Last Uncertainty Wednesday, we started to look at the behavior of the mean of a sample by repeatedly drawing samples. We used a sample of 10 rolls of a fair die. We know that the expected value of the probability distribution is 3.5 but we saw that the sample mean can deviate substantially from that on a small sample. In particular, with 10 rolls we got sample means both close to 1 (almost every roll is a 1) and close to 6 (almost every roll is a 6).

The fact that the sample mean itself is random and has a distribution shouldn’t be surprising and yet it is the source of a great deal of confusion. Let me show that in the case of discussion of weather and climate. I had defined climate as the probability distribution of possible weather events. The realized weather then is a sample.
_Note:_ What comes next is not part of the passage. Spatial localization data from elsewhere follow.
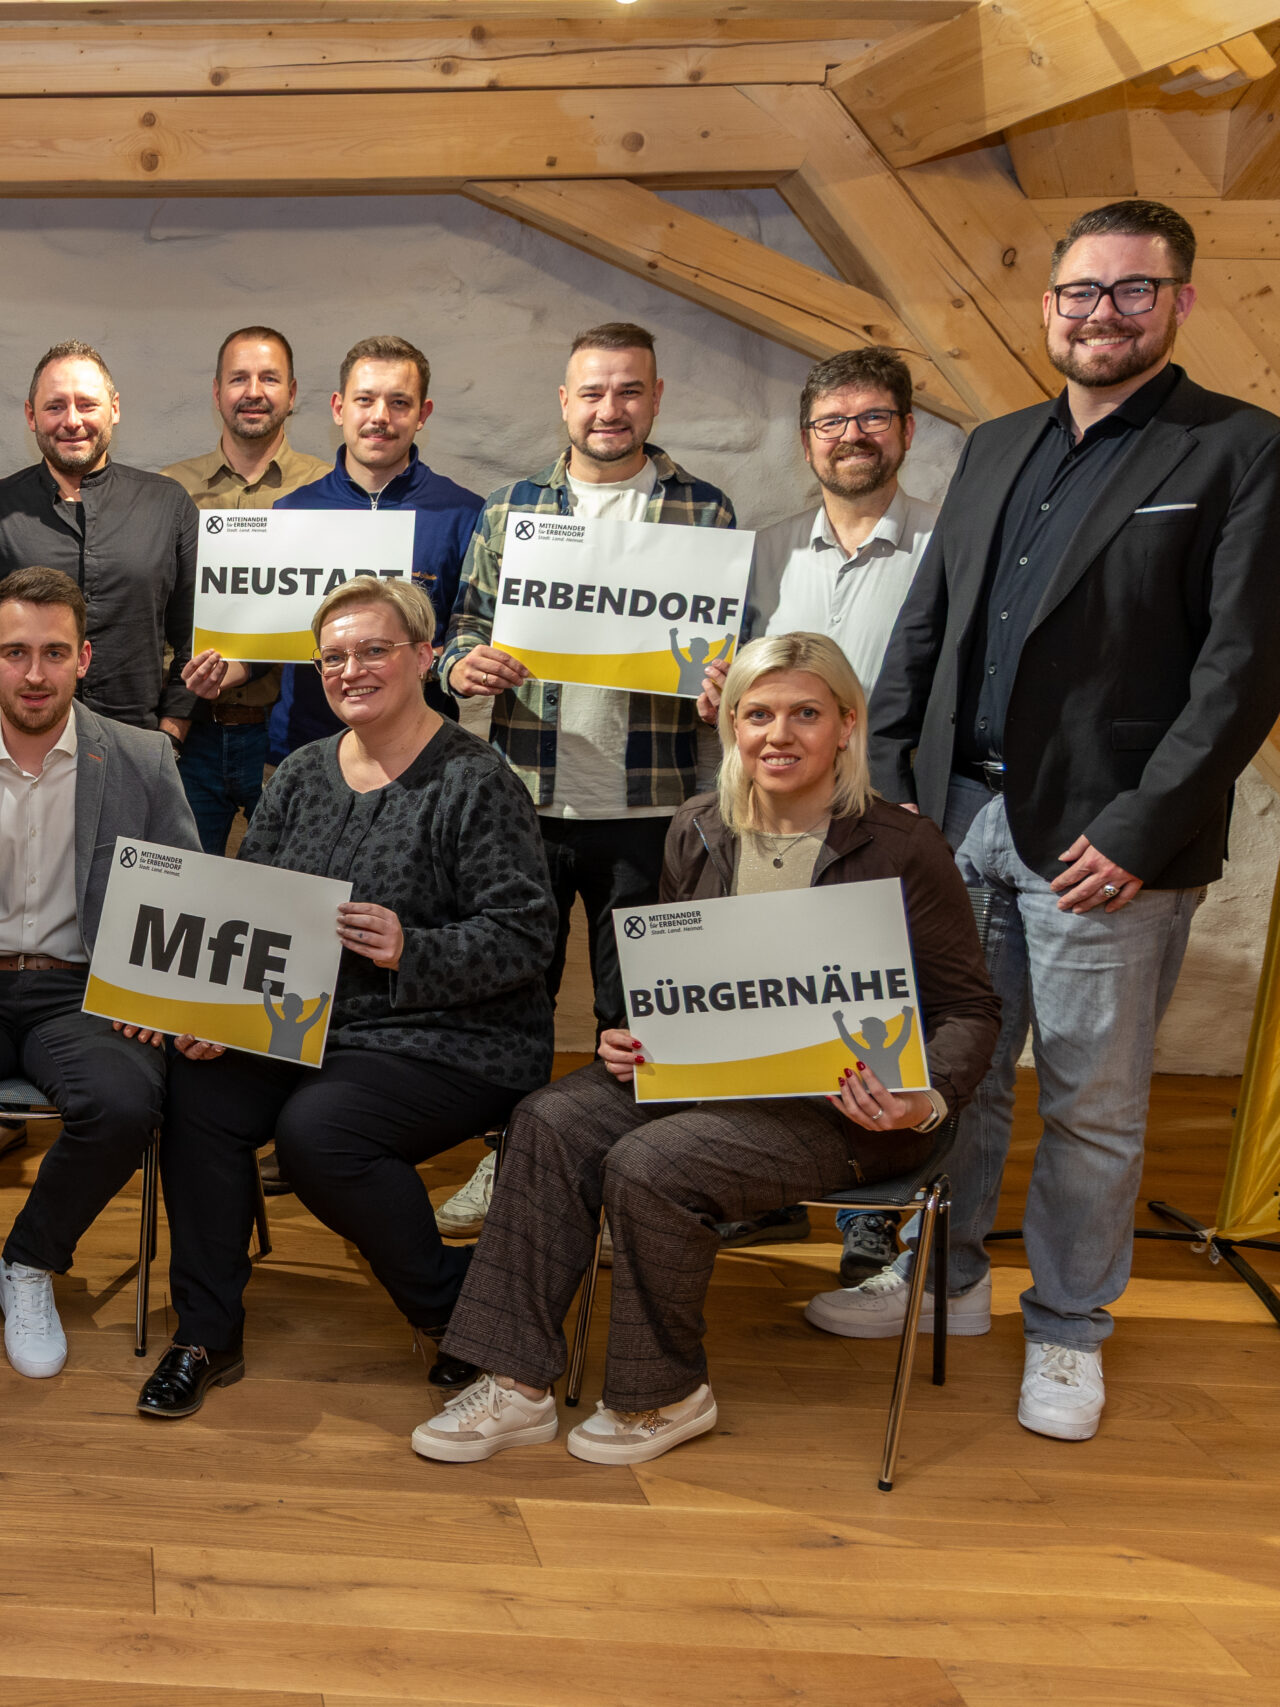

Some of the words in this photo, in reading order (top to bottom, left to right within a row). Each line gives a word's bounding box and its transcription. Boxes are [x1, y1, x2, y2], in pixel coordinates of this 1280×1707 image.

[539, 523, 586, 531] MITEINANDER
[546, 530, 585, 538] ERBENDORF
[201, 567, 404, 596] NEUSTAT
[502, 579, 739, 626] ERBENDORF
[141, 851, 183, 864] MITEINANDER
[147, 859, 182, 871] ERBENDORF
[649, 910, 701, 922] MITEINANDER
[658, 917, 702, 928] ERBENDORF
[129, 904, 293, 998] MfE
[630, 965, 910, 1018] BÜRGERNÄHE
we should not at all be surprised to see variability in the weather relative to past averages. And yet we use terms such as “unseasonably” cold or “unseasonably” hot all the time, which imply that there is something out of whack with what was observed. The challenge then in analyzing climate change based on data is to separate variability within the existing distribution (climate) from changes in the distribution (climate). We will get back to that in future posts, but first we have more on sample means.
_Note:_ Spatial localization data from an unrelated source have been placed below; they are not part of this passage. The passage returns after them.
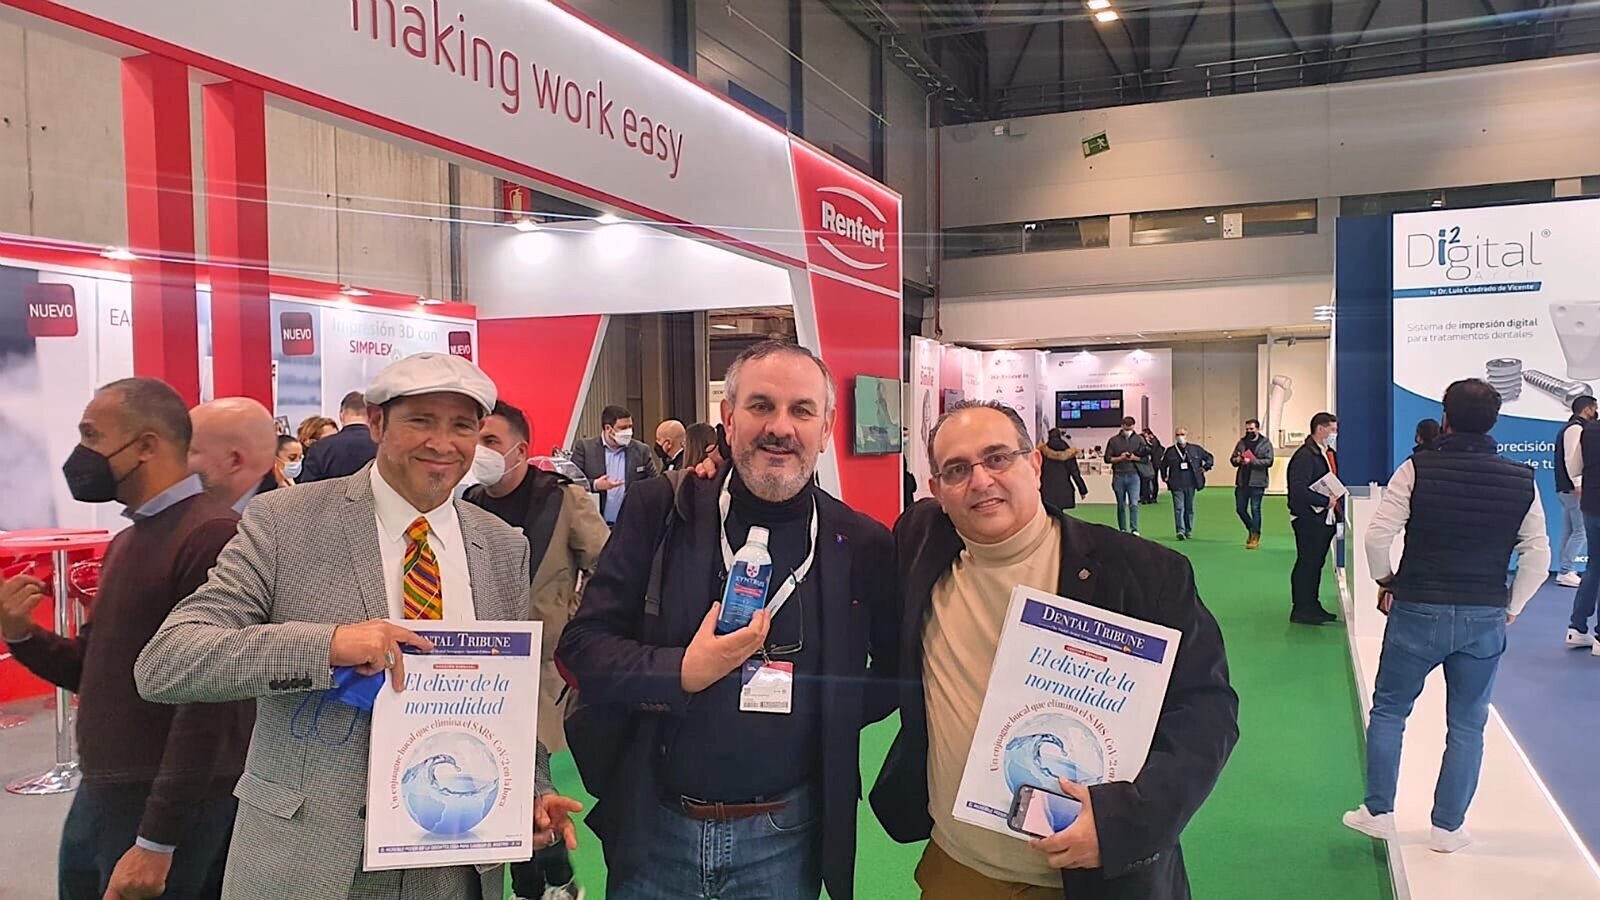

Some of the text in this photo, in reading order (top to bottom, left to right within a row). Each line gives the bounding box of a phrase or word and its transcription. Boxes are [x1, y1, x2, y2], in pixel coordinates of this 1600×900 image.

[351, 0, 683, 179] making work easy
[822, 200, 885, 252] Renfert
[1438, 287, 1448, 295] Dr.
[1449, 286, 1463, 294] Luis
[1464, 285, 1497, 293] Cuadrado
[1508, 283, 1535, 291] Vicente
[29, 303, 73, 318] NUEVO
[110, 308, 131, 327] EA
[1407, 318, 1538, 332] Sistema de impresión digital
[282, 328, 312, 341] NUEVO
[399, 324, 414, 339] 3D
[418, 329, 438, 342] con
[1407, 331, 1534, 343] para tratamientos dentales
[450, 344, 471, 355] NUEVO
[1496, 440, 1555, 453] precisión
[1042, 606, 1090, 632] DENTAL
[1093, 621, 1145, 650] TRIBUNE
[423, 633, 511, 648] NTAL TRIBUNE
[1029, 646, 1052, 667] El
[1049, 655, 1095, 679] elixir
[1094, 668, 1117, 687] de
[1117, 672, 1136, 693] la
[405, 673, 510, 692] El elixir de la
[1024, 673, 1127, 714] normalidad
[404, 697, 504, 715] normalidad
[1031, 702, 1046, 712] que
[1047, 699, 1078, 713] elimina
[1008, 705, 1031, 723] bucal
[1078, 709, 1089, 718] el
[430, 717, 461, 729] elimina
[462, 720, 471, 728] el
[415, 725, 429, 737] que
[397, 733, 416, 755] bucal
[993, 722, 1012, 757] enjuague
[503, 767, 510, 777] en
[990, 758, 999, 772] Un
[1108, 767, 1115, 778] en
[504, 778, 512, 786] la
[392, 795, 400, 809] Un
[499, 787, 512, 807] boca
What happens is we make our sample larger? Instead of a sample size of 10 rolls, let’s consider a sample size of 100 rolls. Below are graphs contrasting the results of 100,000 runs for sample size 10 and sample size 100:

We again see a distribution in the sample mean but it is much tighter around the expectation of 3.5, with almost all observed sample means for size 100 falling between 3 and 4, as compared to 2 and 5 for sample size 10.

It is really important to let this all sink in deeply. Even at a sample size of 100 rolls, there is significant variation in the sample mean. The good news is that the distribution of the sample mean is centered on the expected value. This is often referred to as the sample mean being an unbiased estimator of the expected value. We will dig into when and why that’s the case as it is not true for all underlying probability distributions (almost certainly *not* true for weather).

The bad news though is that even when the sample mean is an unbiased estimator of the expected value, on any one sample that you draw if it is the *only* sample, you have no idea whether you are above or below the expected value. Keep in mind that all this analysis we are currently conducting is based on a known distribution. That is hardly ever the problem we actually confront. Instead, we have explanations which lead us to prior beliefs about distributions and we need to use the observations to update those beliefs.

More to come on sample means and what we can learn from them next Wednesday. Until then, here is a question to ponder: why did the graph for sample size 10 comes out smoother than the one for sample size 100?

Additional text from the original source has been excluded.